PhD Defense - Utility-based Predictive Analytics
In several predictive tasks the end-user attention is focused in certain regions of the domain of the target variable.
As opposed to standard predictive tasks where all target variable values are equally important, in these particular tasks the domain has a non-uniform importance for the end-user. In many real world domains, such as financial, meteorological or medical, we can find tasks that fit into this non-standard setting. In effect, for most practical applications we observe that there is important domain knowledge that must be accounted for when solving the corresponding predictive task.
In these tasks, the relevance of certain regions of the domain is associated to either high costs and/or severe consequences, or to important profits and/or benefits. Initially, the research community addressed these tasks through the development of the cost-sensitive learning theory which considers only the costs component. More recently, this theory evolved to the broader framework of utility-based mining. The utility-based learning setting allows the consideration of both costs and benefits that may derive from different domain information. Although more complex, the utility-based learning framework is also more intuitive from an end-user perspective and more thorough regarding the domain information representation.

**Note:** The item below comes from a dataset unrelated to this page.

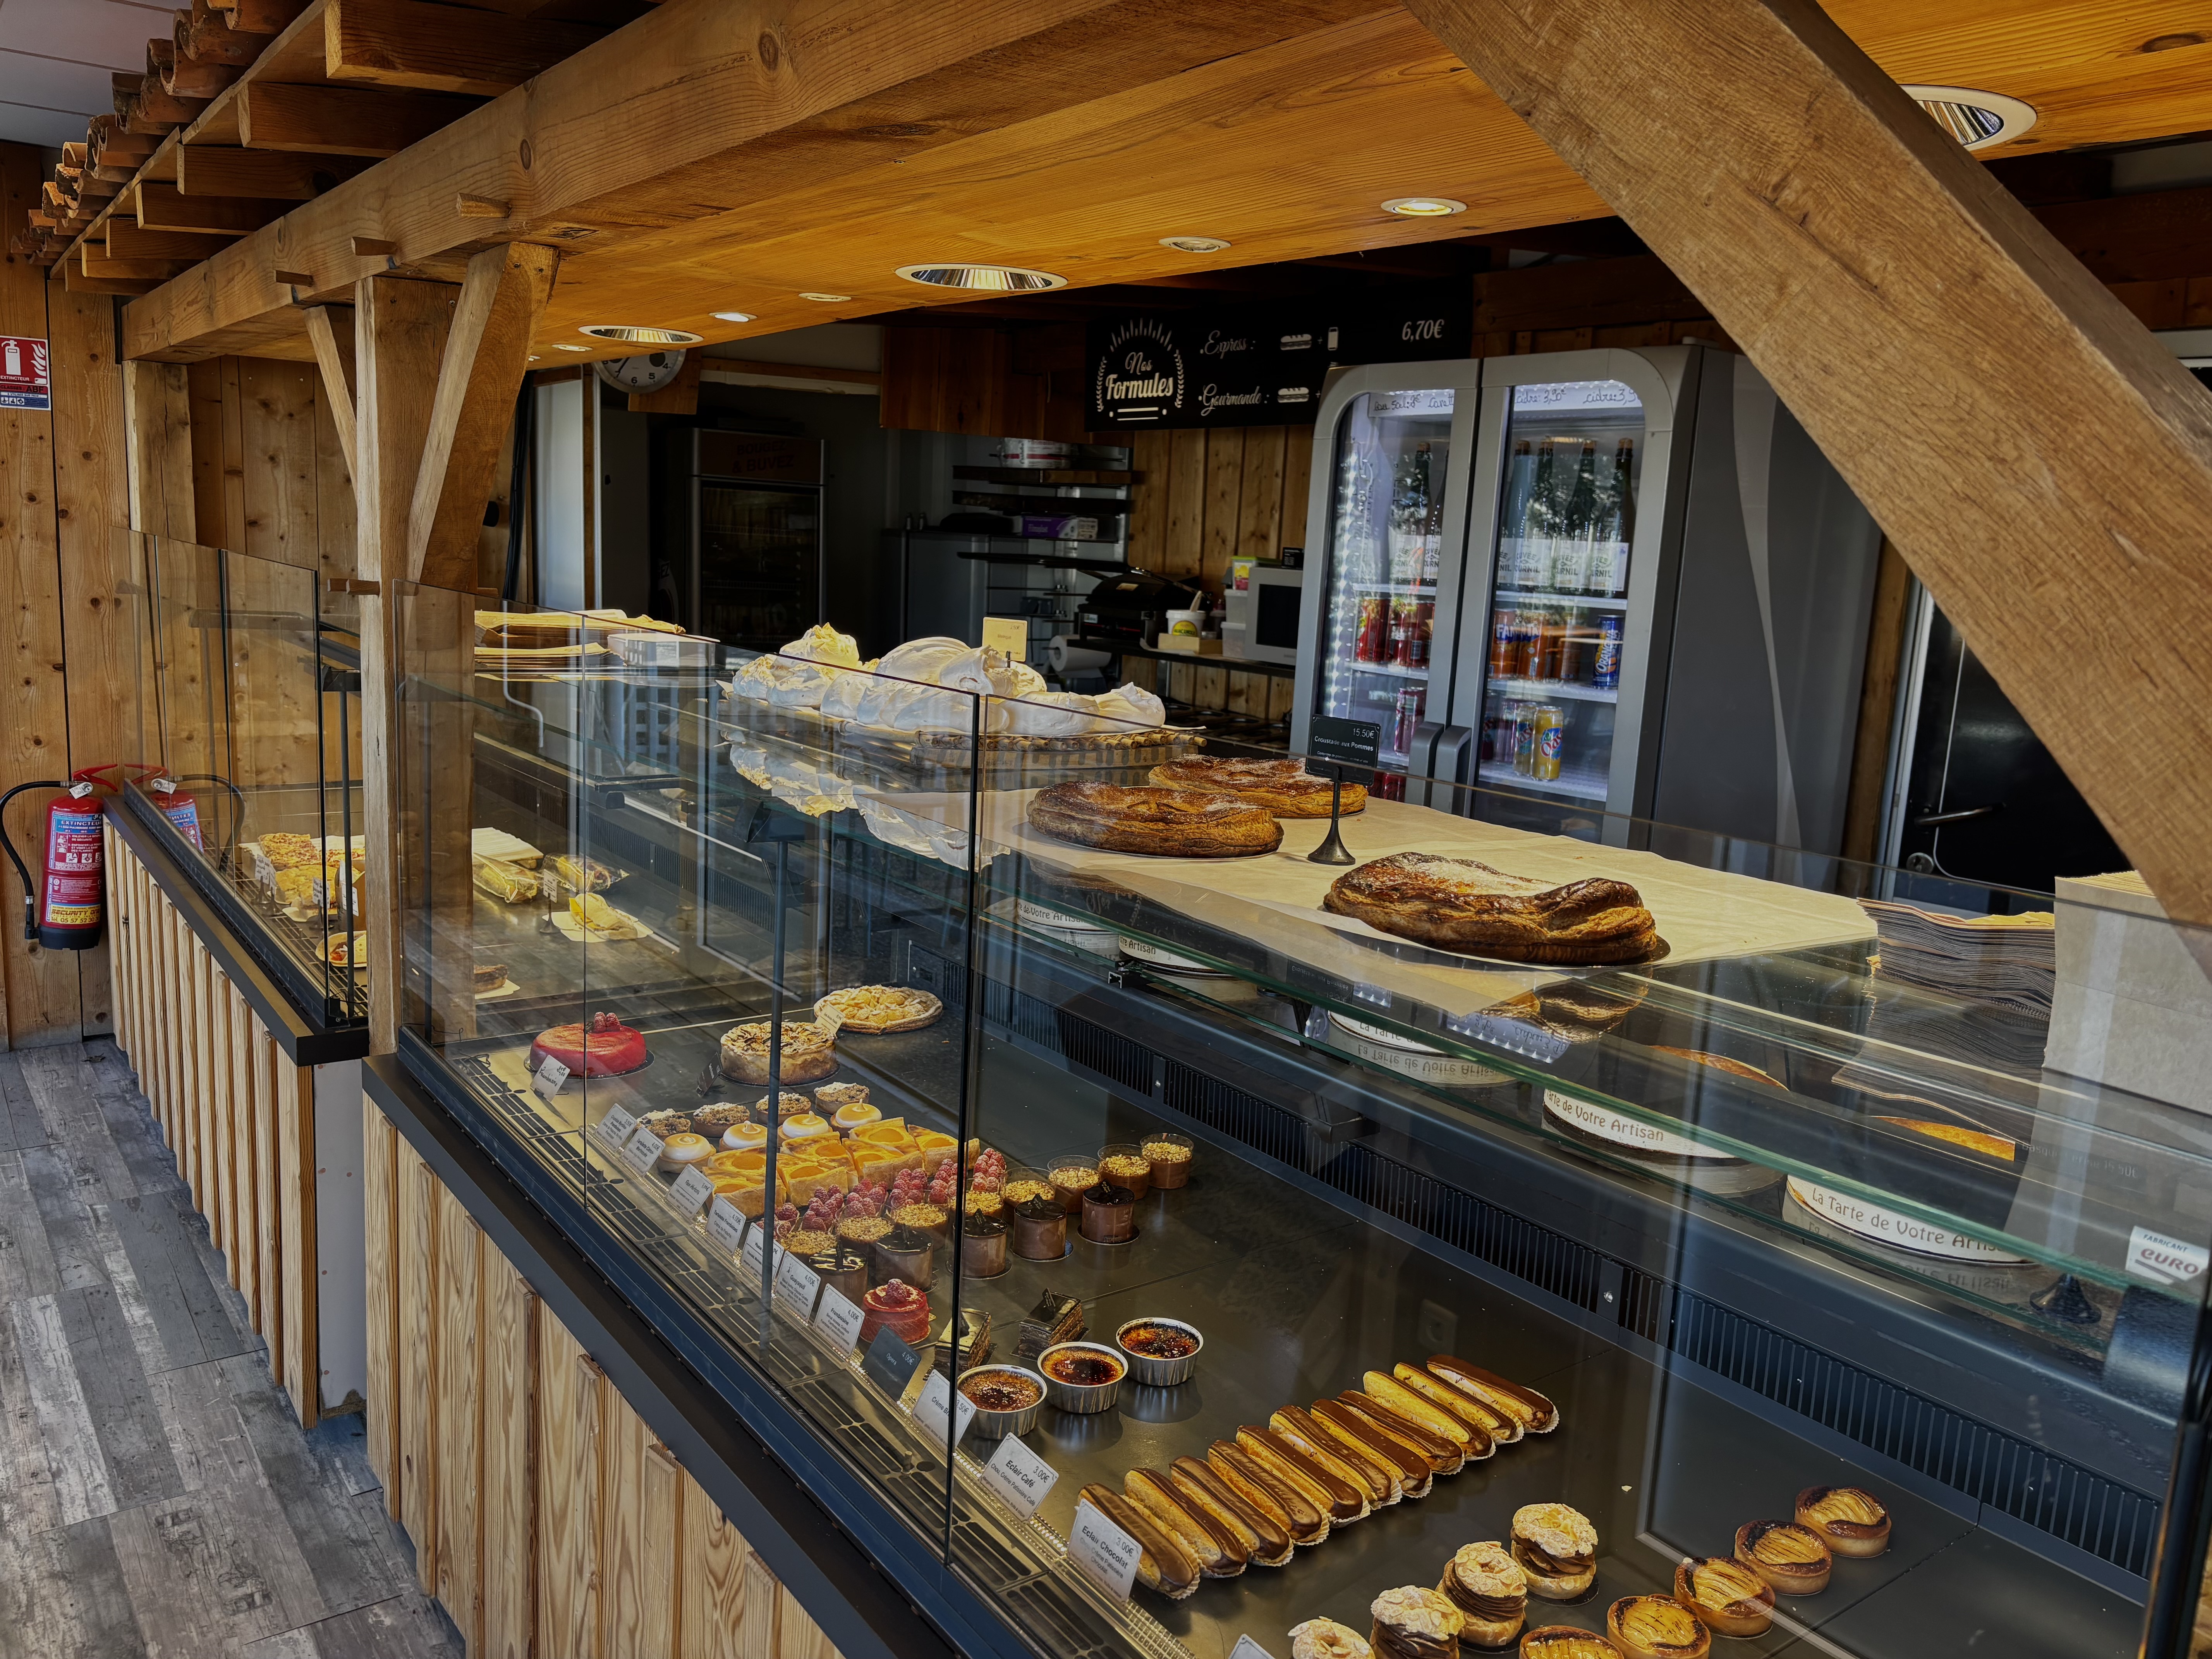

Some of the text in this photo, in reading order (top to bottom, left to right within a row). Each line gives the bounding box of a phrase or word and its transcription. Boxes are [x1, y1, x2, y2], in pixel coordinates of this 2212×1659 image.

The first efforts for including costs and benefits into the learning procedure were concentrated in tasks with a nominal target variable (classification tasks). Still, with time, it became clear that this learning paradigm was also applicable to regression tasks, where the target variable is continuous. In this thesis we focus on the utility-based learning problem. The youth of this broader approach, specially regarding regression tasks, results in the existence of several open issues that we tackled. In particular, we identified and addressed the following main challenges: i) development of a unifying framework for utility-based learning; ii) developmentof learning methods for optimising utility in regression tasks; and iii) proposal of new pre-processing methods for addressing the problem of learning from imbalanced domains.
The proposal of a unifying utility-based framework allows to better understand the characteristics of these tasks, while integrating both classification and regression problems. Moreover, using this framework we are also able to establish important connections between different predictive problems.
The second challenge is related with the lack of methods to address utility-based regression problems. When dealing with utility-based learning if the utility information is not incorporated into the learning procedure we are only able to obtain sub-optimal models. To solve this problem we propose and evaluate new methods that allow to maximise the utility in regression. We show that these methods are effective for different utility settings.
The third and final challenge is related with the particular sub-class of utility-based problems known as imbalanced domains. This is also a problem insufficiently studied in the context of regression tasks. We propose and evaluate several approaches to address this problem.
As a practical outcome of this work, we provide UBL, an R package for utility-based learning that integrates approaches for classification and regression tasks. The UBL package includes the proposals presented in this thesis, as well as many other approaches developed for utility-based classification, providing to the research community a tool for testing and comparing different alternative methods of addressing utility-based predictive tasks.